Faxinais e o uso comum

Segundo os apontamentos de Campos (2000, p. 1), apesar da dimensão territorial, em

todas as regiões do Brasil existiram ou continuam a existir formas de uso comum da terra e

demais bens naturais, as transformações econômico-sociais do país fizeram com que as áreas

onde haviam essas terras desaparecessem, parcialmente ou completamente, porém muitas

delas continuam existindo. Assim, ele define tais terras

Em termos gerais, a terra de uso comum tem características associadas a uma

terra do povo- uma terra que é de todos, no entanto, não se constitui numa

terra pertencente ao povo, no sentido de haver a propriedade coletiva de um

grupo, uma comunidade, ou várias comunidades em conjunto. Trata-se do

uso comum de determinados espaços por inúmeros proprietários, individuais

independentes, servindo-lhes como “suplemento”, sendo, do mesmo modo,

utilizado por pessoas ou grupos de não proprietários (CAMPOS, 2000, p. 1)

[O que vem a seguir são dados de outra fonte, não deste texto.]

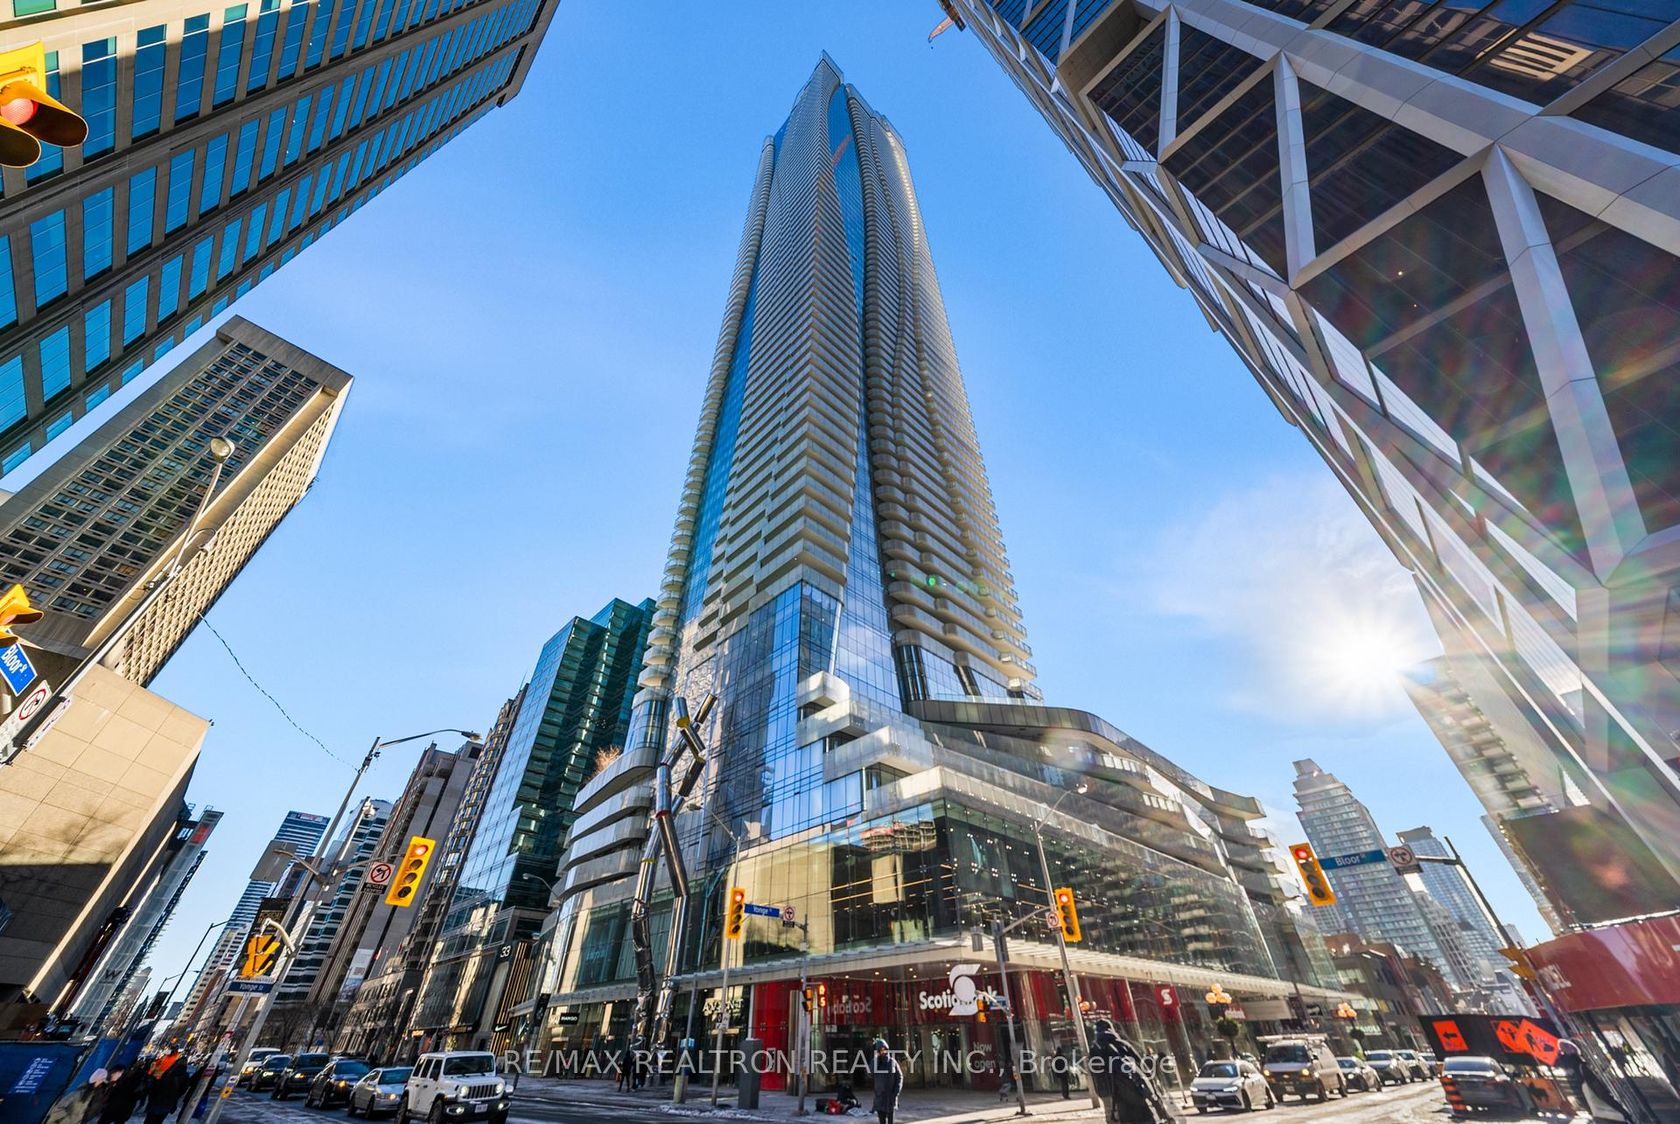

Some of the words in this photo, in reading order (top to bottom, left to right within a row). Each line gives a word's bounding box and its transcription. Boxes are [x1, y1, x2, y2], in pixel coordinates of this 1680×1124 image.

Ressalta-se, que não se trata de propriedade coletiva, mas do uso comum de

determinados espaços, não devendo, portanto, ser confundida com propriedade coletiva. Para

Almeida (2009, p. 39) as modalidades de uso comum da terra, designam situações nas quais o

controle dos recursos básicos não é exercido de maneira livre e individual por um

determinado grupo doméstico de pequenos produtores diretos ou por um dos seus membros.

Sendo que o controle dos recursos naturais ocorre por meio de normas específicas, instituídas

e acatadas de maneira consensual pelo grupo que compõem a unidade social, combinando o

uso comum dos recursos e a apropriação privada de bens.

A atualização dessas normas ocorre em territórios próprios, cujas delimitações

são socialmente reconhecidas, inclusive pelos circundantes. A territorialidade

funciona como fator de identificação, defesa e força. Laços solidários e de

ajuda mútua informam um conjunto de regras firmadas sobre uma base física

considerada comum, essencial e inalienável, não obstante disposições

sucessórias, porventura existentes (ALMEIDA, 2009, p. 39).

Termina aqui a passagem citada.